Cellular & Molecular Immunology volume 9, pages 86–96 (2012)Cite this article

Abstract

Physiological aging imposes significant alterations in the repertoire of T cells and all associated functions. Although several studies have reported defects upon antigen-induced activation of T cells during aging, the molecular mechanisms that control T-cell receptor (TCR) downmodulation remain to be fully defined. While previous studies have assessed the role of F-actin in regulating activation-induced TCR internalization, few have delineated the roles of motor proteins, such as non-muscle myosin IIA (NMMIIA).
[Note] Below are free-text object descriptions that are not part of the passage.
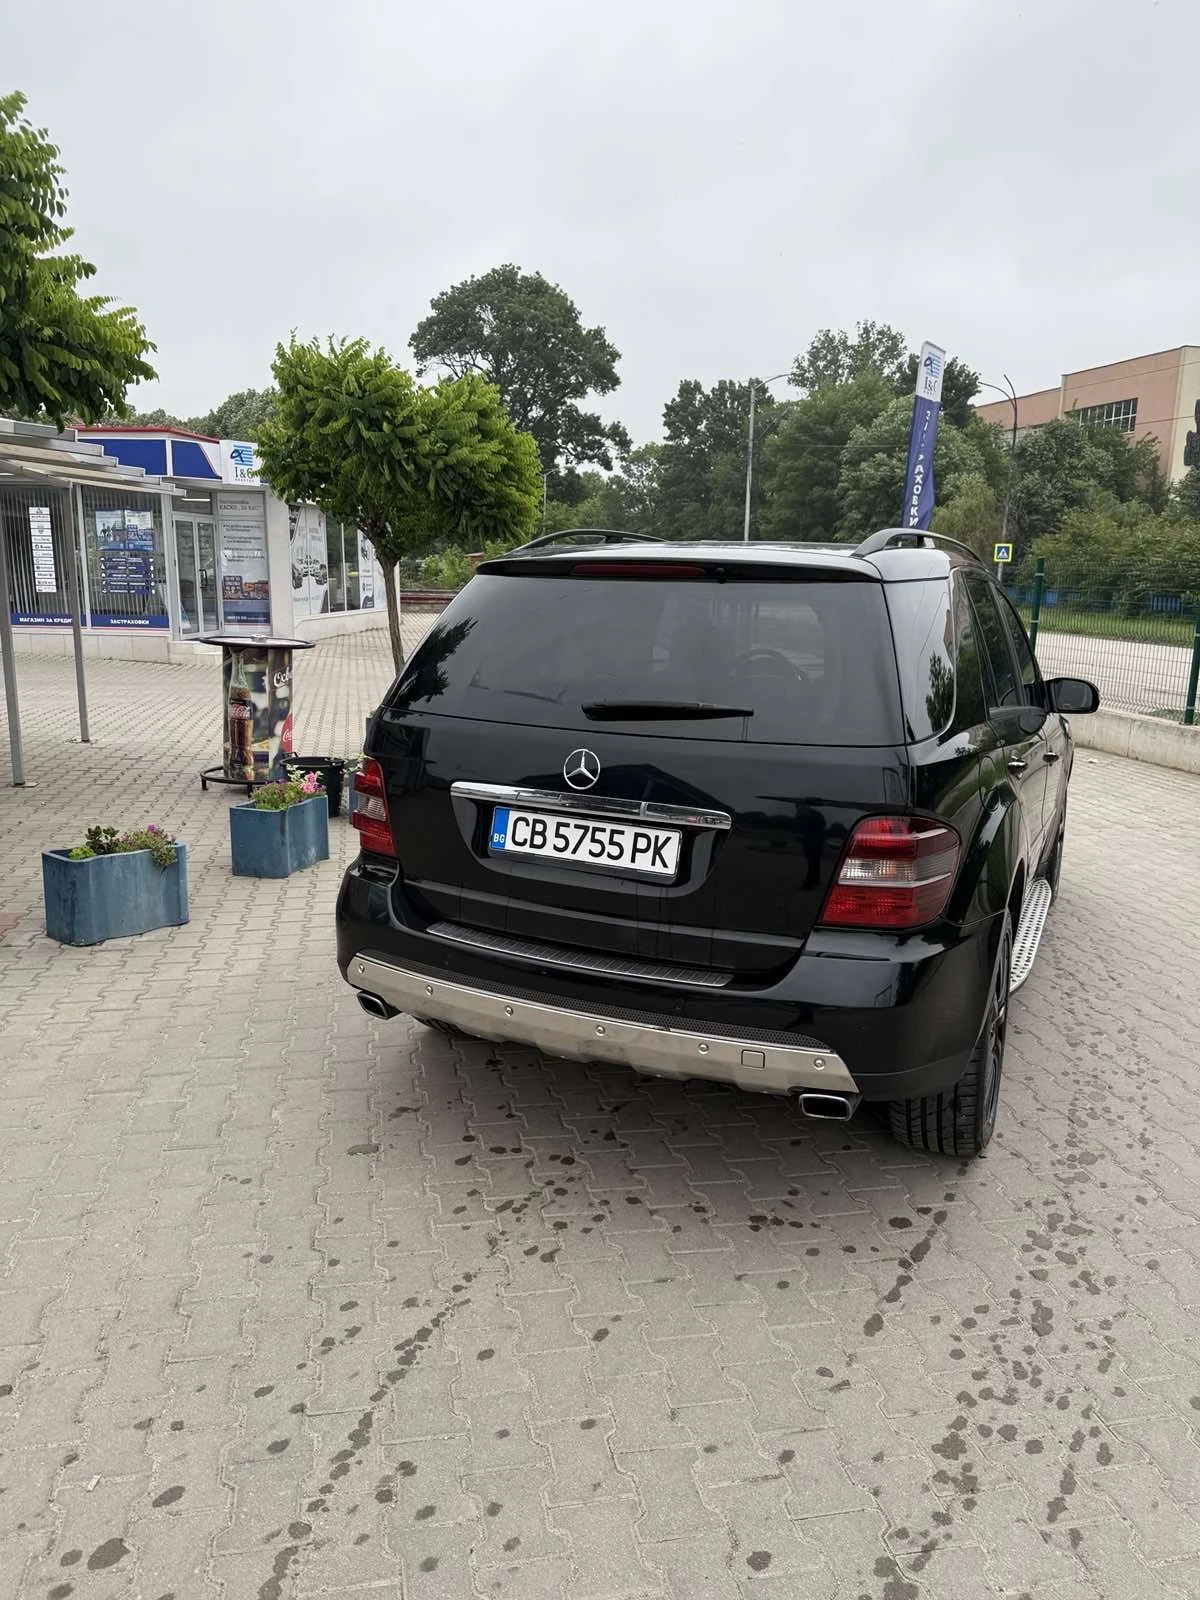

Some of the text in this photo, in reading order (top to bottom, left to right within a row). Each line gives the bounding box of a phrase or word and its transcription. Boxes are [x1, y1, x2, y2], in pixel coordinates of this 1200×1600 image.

[493, 832, 506, 844] BG
[552, 821, 625, 861] 5755
[630, 831, 673, 869] PK
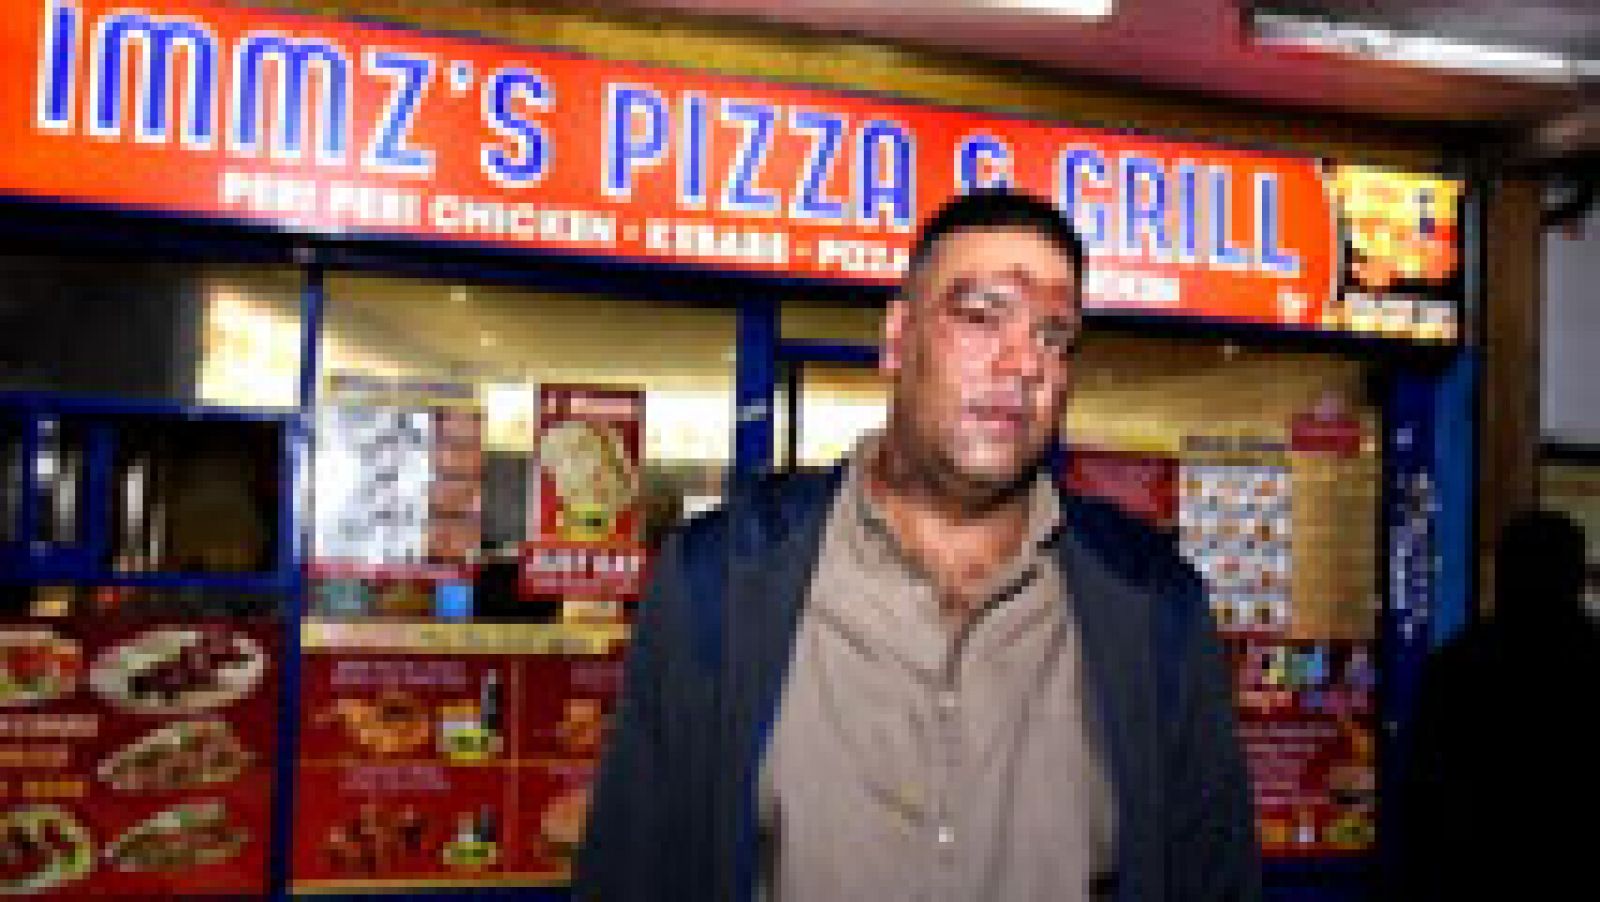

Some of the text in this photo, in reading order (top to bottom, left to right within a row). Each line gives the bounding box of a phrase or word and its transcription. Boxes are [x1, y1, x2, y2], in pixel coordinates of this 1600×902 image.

[38, 0, 556, 187] IMMZ'S
[601, 83, 917, 232] PIZZA
[1059, 142, 1300, 277] GRILL
[430, 194, 617, 243] CHICKEN
In this study, we describe a series of experiments supporting the hypothesis that effective TCR downmodulation requires not only efficient reorganization of the actin cytoskeleton, but also functional NMMIIA. For the first time, we show that CD4+ T cells from elderly human donors have dysfunctional NMMIIA that contributes to delaying activation-induced TCR internalization and impairing calcium mobilization. Additionally, our results demonstrate that chemical inhibition of NMMIIA in CD4+ T cells from young donors also results in complete abrogation of TCR internalization, strongly supporting the fundamental role of NMMIIA in modulating this event. Recent observations that the generation of an efficient T-cell response requires migration prompted us to investigate whether NMMIIA also plays a regulatory role in CD4+ T-cell migration. We show that chemical inhibition of NMMIIA downmodulates chemotactic migration in CD4+ T cells from both young and elderly donors. Together, these data demonstrate a significant contribution of dysfunctional NMMIIA to TCR-mediated functional defects during aging.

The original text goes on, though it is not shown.